WHAT NEEDS TO BE DONE
Retype all the entries word for word, but omit the pictures.

PROVIDED MATERIAL

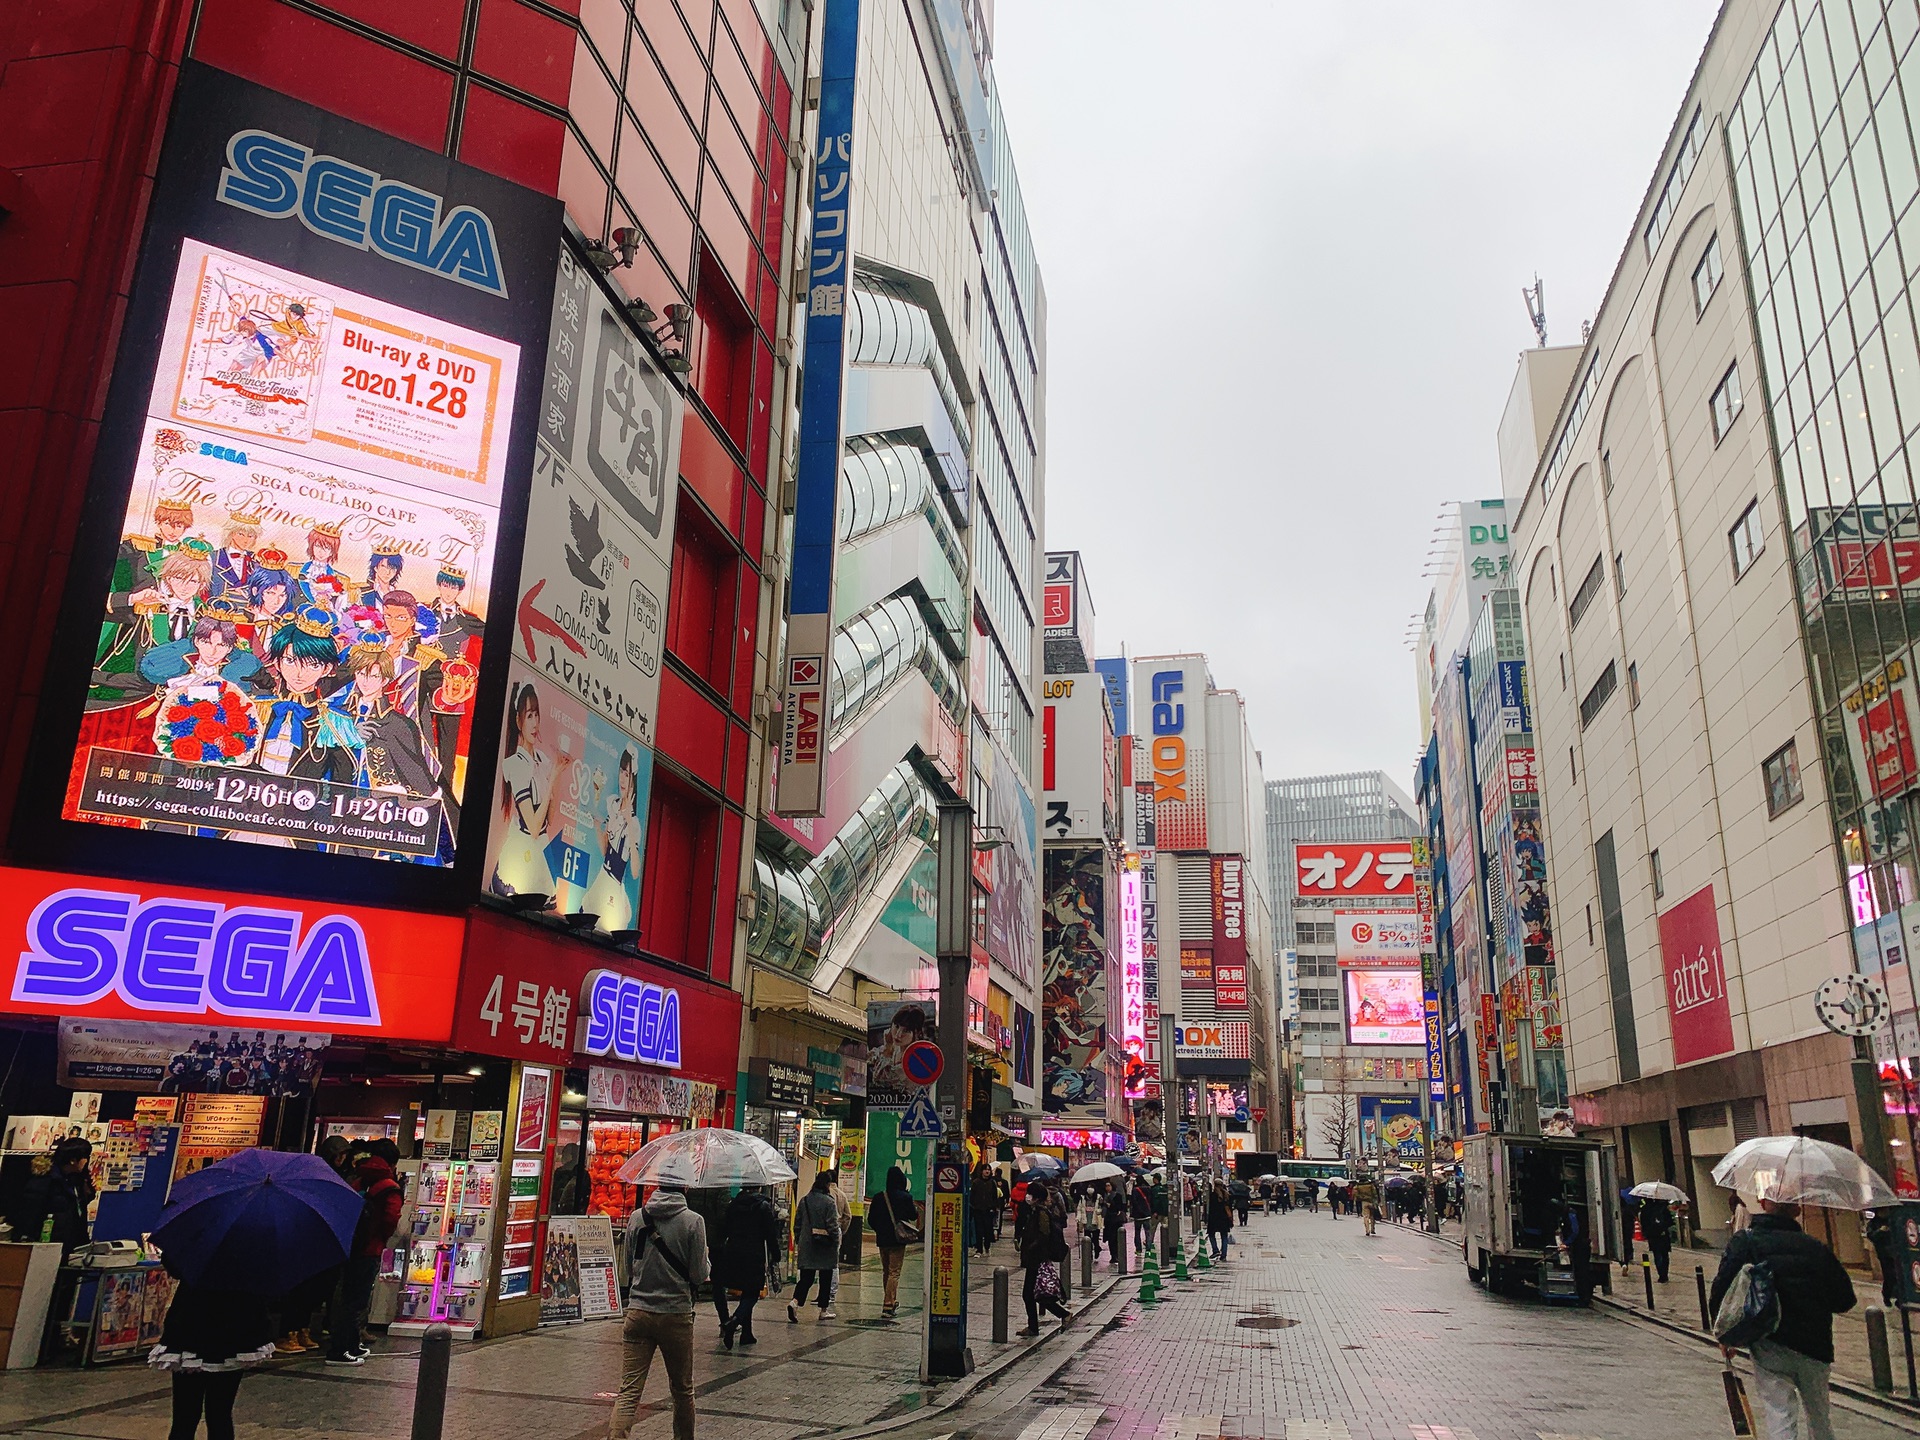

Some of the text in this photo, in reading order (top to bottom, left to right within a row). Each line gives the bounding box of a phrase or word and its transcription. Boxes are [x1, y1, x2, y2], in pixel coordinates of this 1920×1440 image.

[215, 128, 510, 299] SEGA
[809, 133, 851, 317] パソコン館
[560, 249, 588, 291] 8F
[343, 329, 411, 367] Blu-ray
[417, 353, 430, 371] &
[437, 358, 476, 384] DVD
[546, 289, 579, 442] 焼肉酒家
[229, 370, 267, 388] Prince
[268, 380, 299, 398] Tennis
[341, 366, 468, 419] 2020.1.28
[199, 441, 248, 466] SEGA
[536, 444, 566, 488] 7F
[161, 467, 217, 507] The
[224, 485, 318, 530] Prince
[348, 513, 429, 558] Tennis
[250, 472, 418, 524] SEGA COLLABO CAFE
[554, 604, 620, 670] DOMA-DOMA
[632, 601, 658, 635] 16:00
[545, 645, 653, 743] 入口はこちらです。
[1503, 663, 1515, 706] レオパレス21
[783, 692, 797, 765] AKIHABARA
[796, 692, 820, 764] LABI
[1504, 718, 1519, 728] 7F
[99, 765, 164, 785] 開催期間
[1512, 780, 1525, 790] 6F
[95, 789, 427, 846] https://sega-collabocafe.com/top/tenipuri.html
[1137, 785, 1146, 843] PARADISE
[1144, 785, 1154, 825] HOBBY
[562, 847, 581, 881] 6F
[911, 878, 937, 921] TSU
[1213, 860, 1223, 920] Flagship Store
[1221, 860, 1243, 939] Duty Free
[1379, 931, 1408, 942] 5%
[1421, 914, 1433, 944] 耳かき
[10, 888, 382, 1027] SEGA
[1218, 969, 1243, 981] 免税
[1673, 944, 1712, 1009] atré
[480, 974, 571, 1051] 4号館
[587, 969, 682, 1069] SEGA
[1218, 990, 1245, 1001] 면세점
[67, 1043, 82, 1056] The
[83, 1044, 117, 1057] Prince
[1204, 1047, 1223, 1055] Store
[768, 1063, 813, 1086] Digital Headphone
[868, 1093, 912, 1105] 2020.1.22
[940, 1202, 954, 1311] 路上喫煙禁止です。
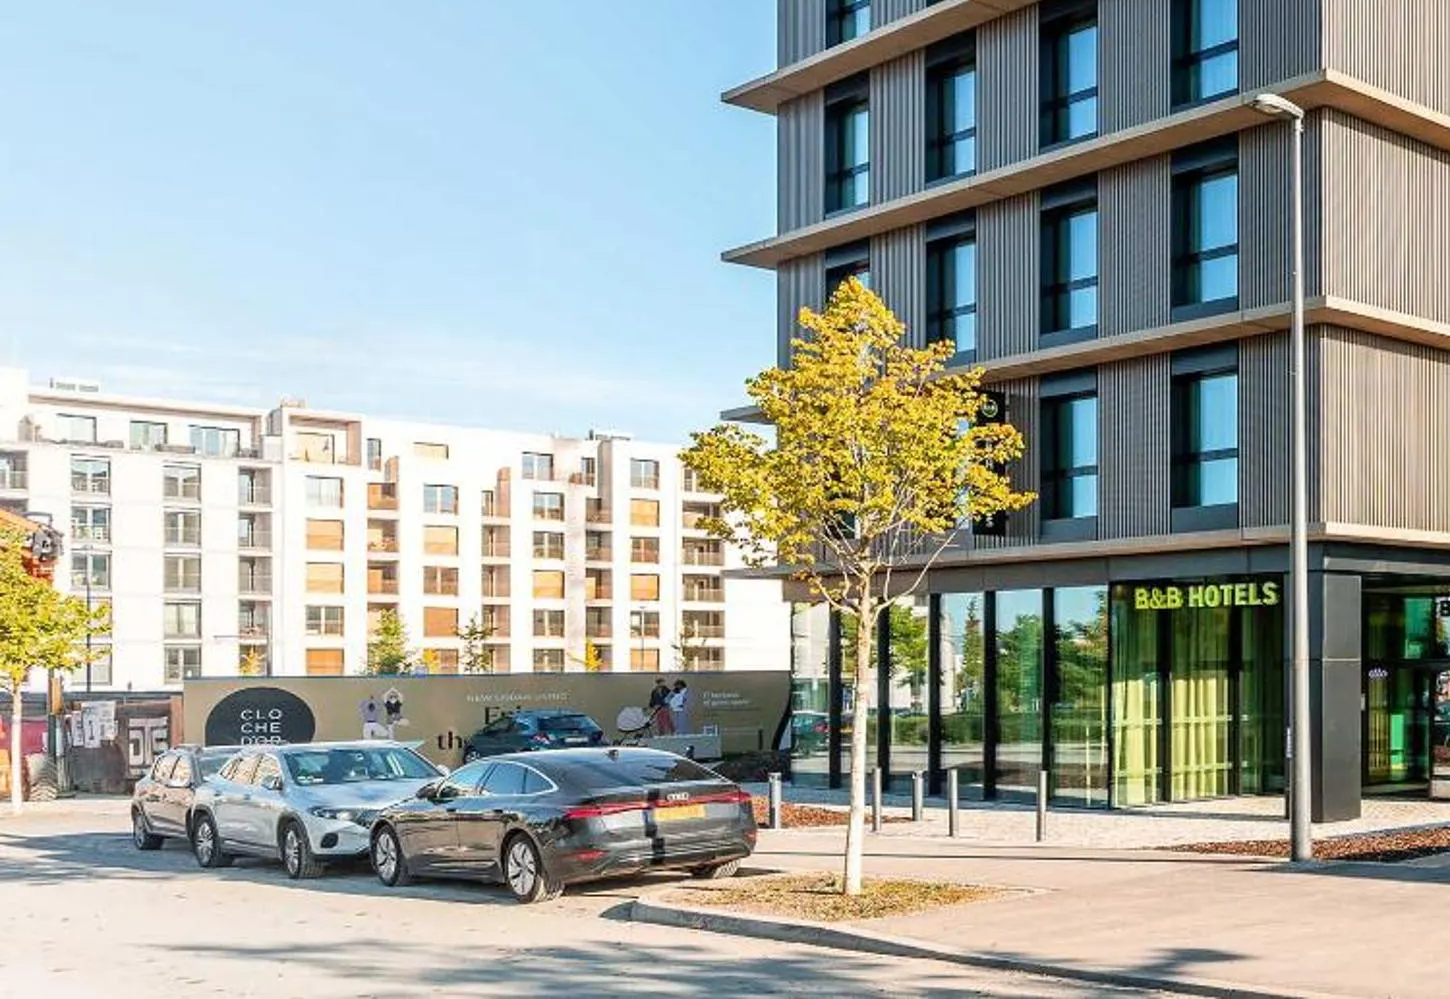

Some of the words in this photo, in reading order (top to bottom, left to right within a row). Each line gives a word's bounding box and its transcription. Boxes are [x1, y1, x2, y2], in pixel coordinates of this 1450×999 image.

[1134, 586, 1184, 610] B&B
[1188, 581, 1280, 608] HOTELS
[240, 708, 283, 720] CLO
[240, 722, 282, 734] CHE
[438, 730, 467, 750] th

THE ANSWER
Some of the text in this photo, in reading order (top to bottom, left to right within a row). Each line gives the bounding box of a phrase or word and its transcription. Boxes are [x1, y1, x2, y2], in pixel coordinates of this 1920×1440 image.

[215, 128, 510, 299] SEGA
[809, 133, 851, 317] パソコン館
[560, 249, 588, 291] 8F
[343, 329, 411, 367] Blu-ray
[417, 353, 430, 371] &
[437, 358, 476, 384] DVD
[546, 289, 579, 442] 焼肉酒家
[229, 370, 267, 388] Prince
[268, 380, 299, 398] Tennis
[341, 366, 468, 419] 2020.1.28
[199, 441, 248, 466] SEGA
[536, 444, 566, 488] 7F
[161, 467, 217, 507] The
[224, 485, 318, 530] Prince
[348, 513, 429, 558] Tennis
[250, 472, 418, 524] SEGA COLLABO CAFE
[554, 604, 620, 670] DOMA-DOMA
[632, 601, 658, 635] 16:00
[545, 645, 653, 743] 入口はこちらです。
[1503, 663, 1515, 706] レオパレス21
[783, 692, 797, 765] AKIHABARA
[796, 692, 820, 764] LABI
[1504, 718, 1519, 728] 7F
[99, 765, 164, 785] 開催期間
[1512, 780, 1525, 790] 6F
[95, 789, 427, 846] https://sega-collabocafe.com/top/tenipuri.html
[1137, 785, 1146, 843] PARADISE
[1144, 785, 1154, 825] HOBBY
[562, 847, 581, 881] 6F
[911, 878, 937, 921] TSU
[1213, 860, 1223, 920] Flagship Store
[1221, 860, 1243, 939] Duty Free
[1379, 931, 1408, 942] 5%
[1421, 914, 1433, 944] 耳かき
[10, 888, 382, 1027] SEGA
[1218, 969, 1243, 981] 免税
[1673, 944, 1712, 1009] atré
[480, 974, 571, 1051] 4号館
[587, 969, 682, 1069] SEGA
[1218, 990, 1245, 1001] 면세점
[67, 1043, 82, 1056] The
[83, 1044, 117, 1057] Prince
[1204, 1047, 1223, 1055] Store
[768, 1063, 813, 1086] Digital Headphone
[868, 1093, 912, 1105] 2020.1.22
[940, 1202, 954, 1311] 路上喫煙禁止です。

Some of the words in this photo, in reading order (top to bottom, left to right within a row). Each line gives a word's bounding box and its transcription. Boxes are [x1, y1, x2, y2], in pixel coordinates of this 1450×999 image.

[1134, 586, 1184, 610] B&B
[1188, 581, 1280, 608] HOTELS
[240, 708, 283, 720] CLO
[240, 722, 282, 734] CHE
[438, 730, 467, 750] th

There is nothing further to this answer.